■ **Task statement**: Each record below should be reproduced as it is written, with pictures left out entirely.

■ **Data provided**:

-----

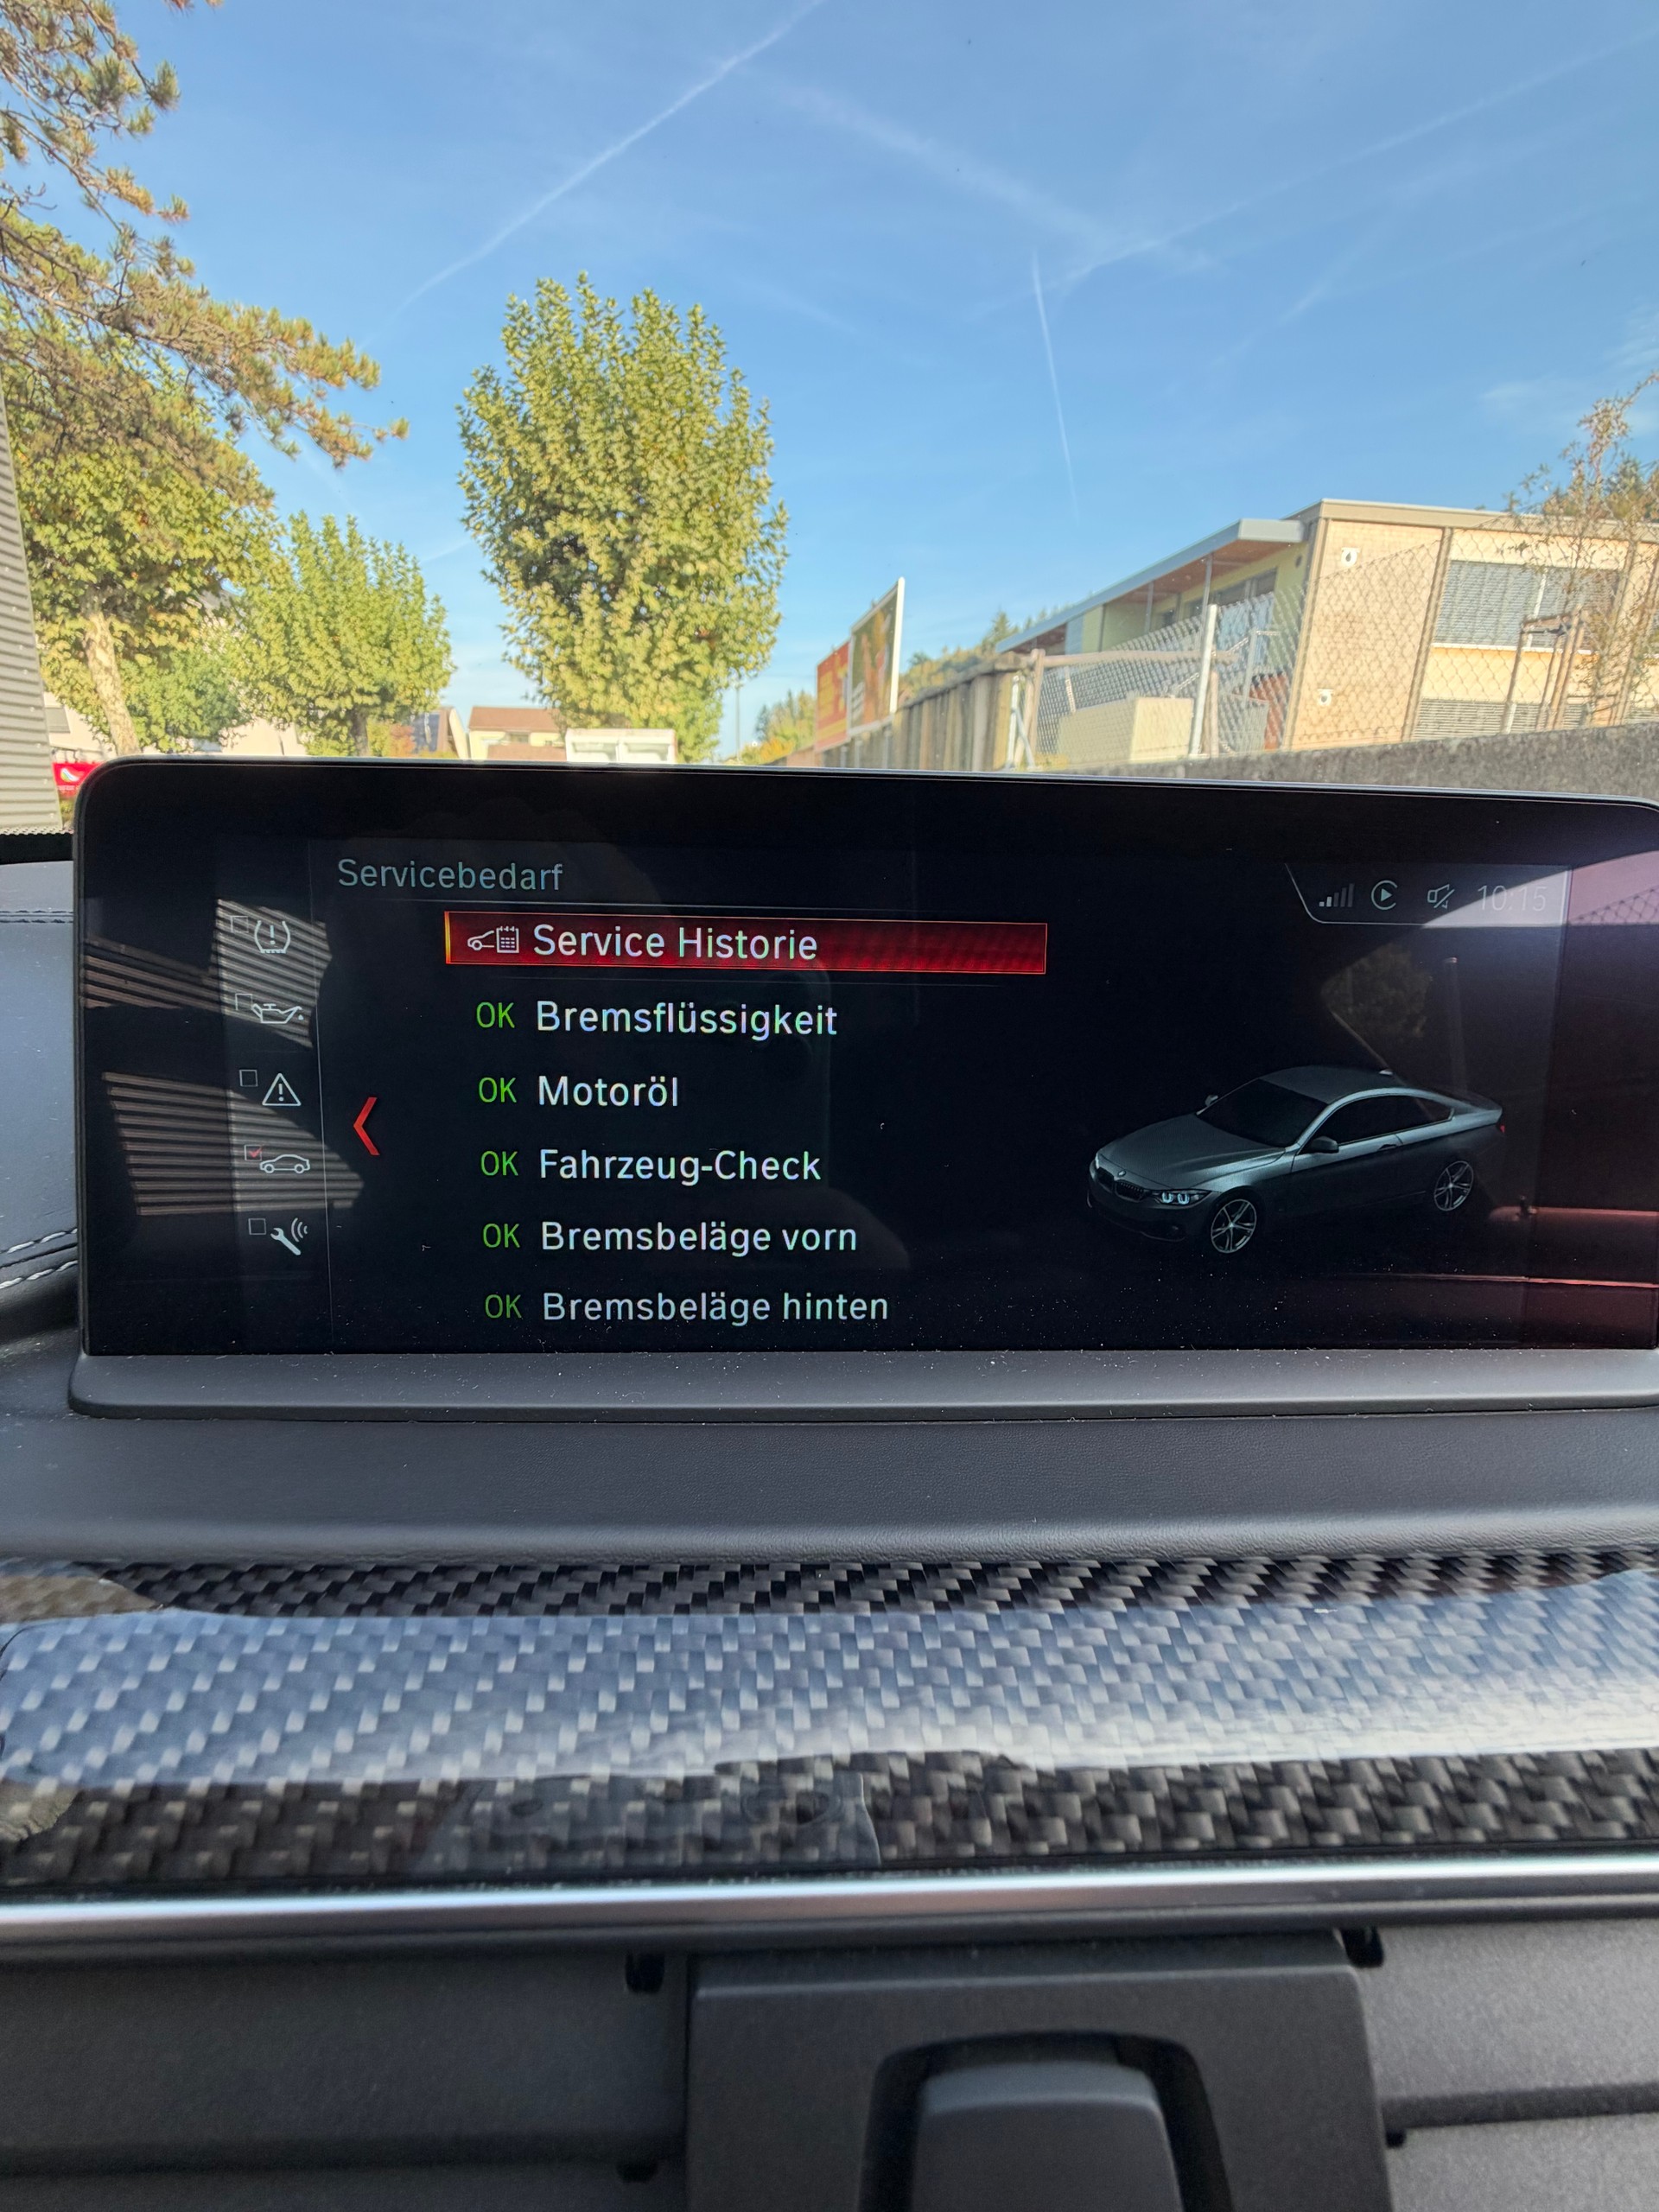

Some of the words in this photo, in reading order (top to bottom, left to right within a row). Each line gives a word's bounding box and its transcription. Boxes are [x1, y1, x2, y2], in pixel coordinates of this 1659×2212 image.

[336, 857, 564, 892] Servicebedarf
[1478, 884, 1548, 912] 10:15
[532, 923, 666, 958] Service
[678, 925, 818, 961] Historie
[476, 1001, 516, 1029] OK
[537, 1001, 838, 1042] Bremsflüssigkeit
[479, 1076, 518, 1104] OK
[538, 1075, 678, 1108] Motoröl
[480, 1150, 519, 1177] OK
[540, 1148, 822, 1187] Fahrzeug-Check
[482, 1222, 521, 1249] OK
[541, 1220, 772, 1258] Bremsbeläge
[781, 1227, 858, 1252] vorn
[484, 1293, 523, 1320] OK
[543, 1291, 772, 1328] Bremsbeläge
[782, 1291, 889, 1321] hinten
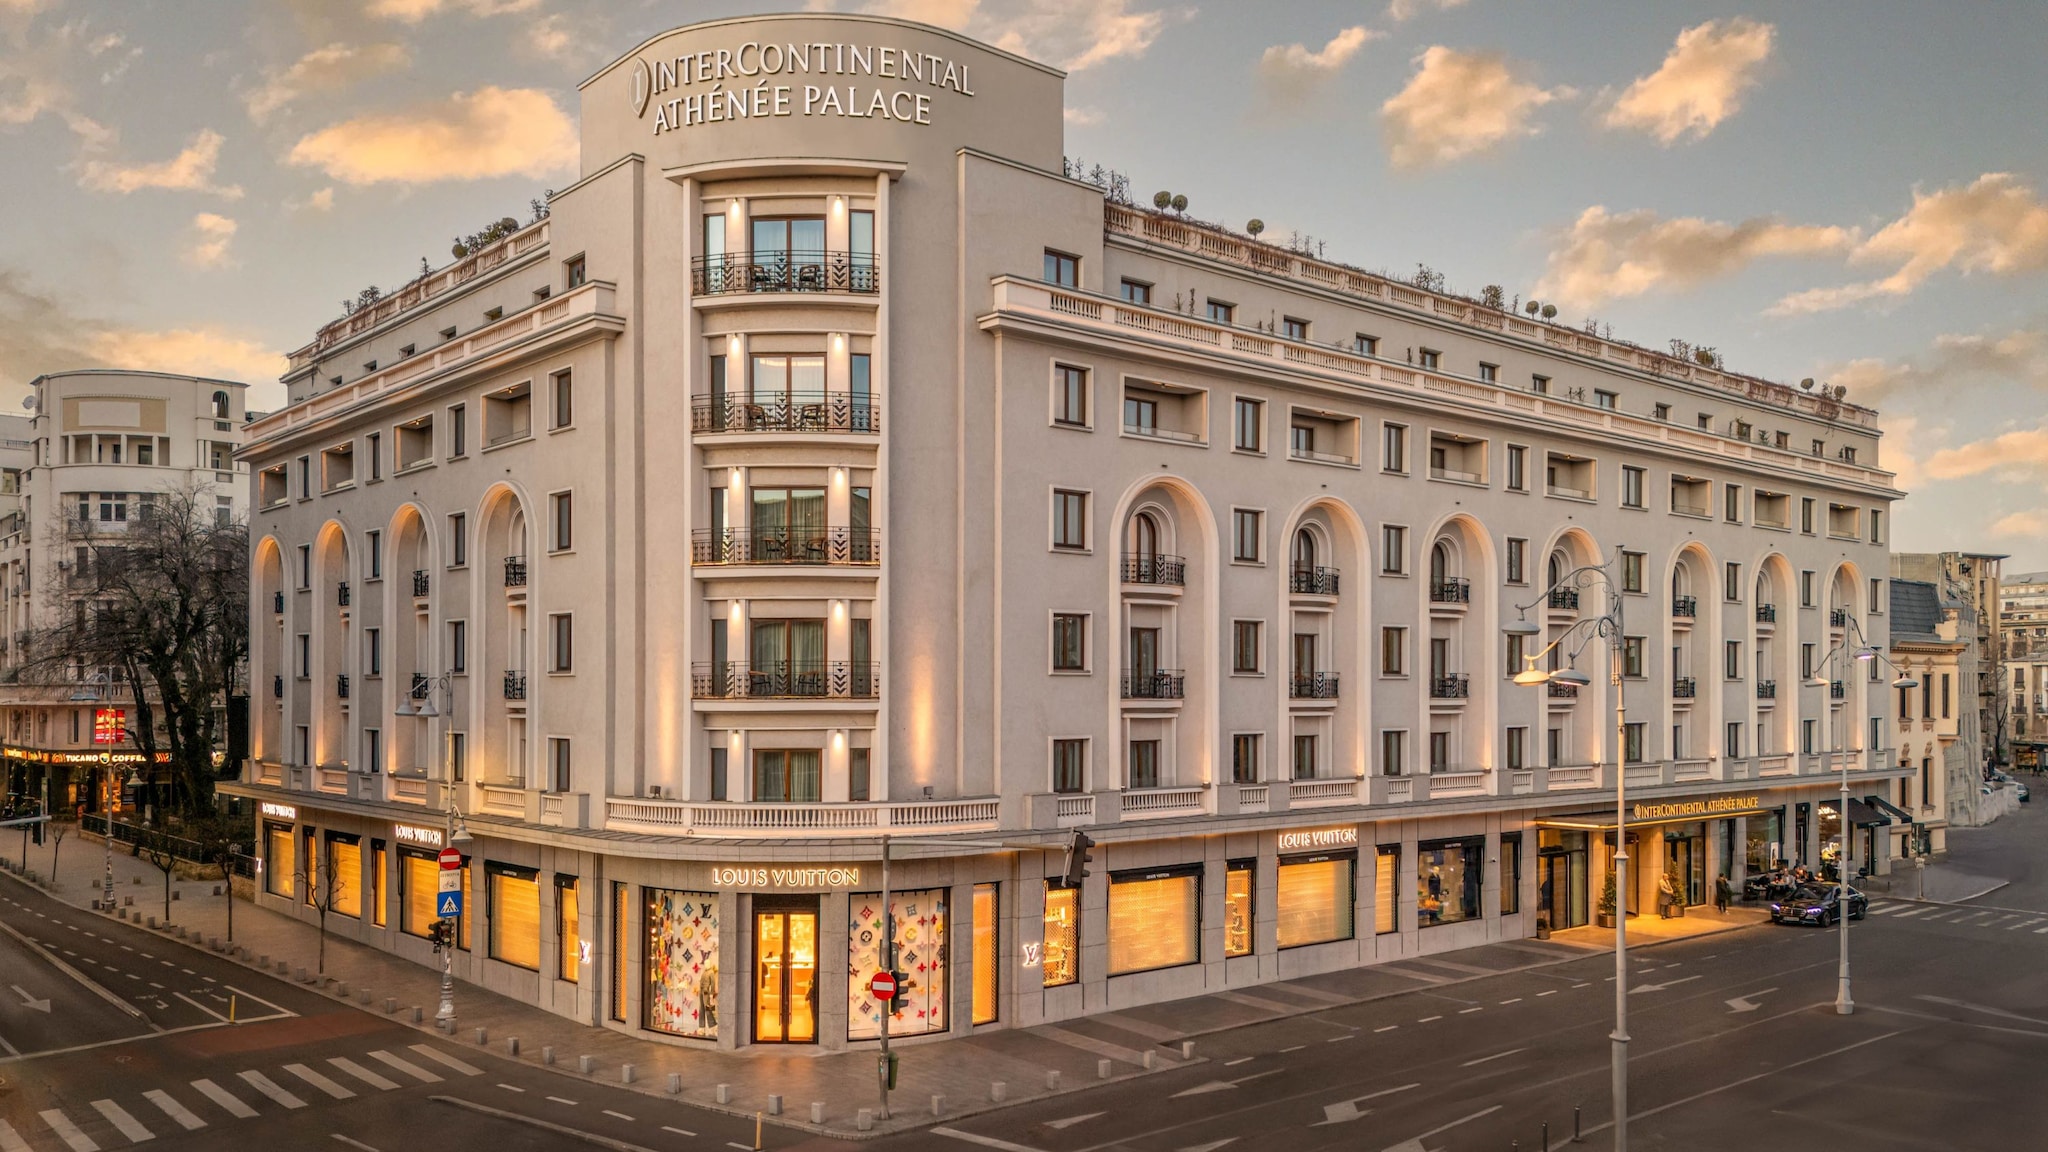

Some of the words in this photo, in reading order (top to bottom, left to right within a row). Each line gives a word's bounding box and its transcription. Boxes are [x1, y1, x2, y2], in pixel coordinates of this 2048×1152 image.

[652, 42, 975, 96] INTERCONTINENTAL
[653, 79, 792, 135] ATHÉNÉE
[803, 85, 931, 125] PALACE
[66, 754, 98, 762] TUCANO
[1736, 796, 1759, 809] PALACE
[395, 824, 414, 841] LOUIS
[1279, 833, 1311, 849] LOUIS
[1312, 828, 1358, 846] VUITTON
[712, 868, 767, 887] LOUIS
[772, 868, 859, 886] VUITTON

-----

■ **Problem solution**:
Some of the words in this photo, in reading order (top to bottom, left to right within a row). Each line gives a word's bounding box and its transcription. Boxes are [x1, y1, x2, y2], in pixel coordinates of this 1659×2212 image.

[336, 857, 564, 892] Servicebedarf
[1478, 884, 1548, 912] 10:15
[532, 923, 666, 958] Service
[678, 925, 818, 961] Historie
[476, 1001, 516, 1029] OK
[537, 1001, 838, 1042] Bremsflüssigkeit
[479, 1076, 518, 1104] OK
[538, 1075, 678, 1108] Motoröl
[480, 1150, 519, 1177] OK
[540, 1148, 822, 1187] Fahrzeug-Check
[482, 1222, 521, 1249] OK
[541, 1220, 772, 1258] Bremsbeläge
[781, 1227, 858, 1252] vorn
[484, 1293, 523, 1320] OK
[543, 1291, 772, 1328] Bremsbeläge
[782, 1291, 889, 1321] hinten

Some of the words in this photo, in reading order (top to bottom, left to right within a row). Each line gives a word's bounding box and its transcription. Boxes are [x1, y1, x2, y2], in pixel coordinates of this 2048×1152 image.

[652, 42, 975, 96] INTERCONTINENTAL
[653, 79, 792, 135] ATHÉNÉE
[803, 85, 931, 125] PALACE
[66, 754, 98, 762] TUCANO
[1736, 796, 1759, 809] PALACE
[395, 824, 414, 841] LOUIS
[1279, 833, 1311, 849] LOUIS
[1312, 828, 1358, 846] VUITTON
[712, 868, 767, 887] LOUIS
[772, 868, 859, 886] VUITTON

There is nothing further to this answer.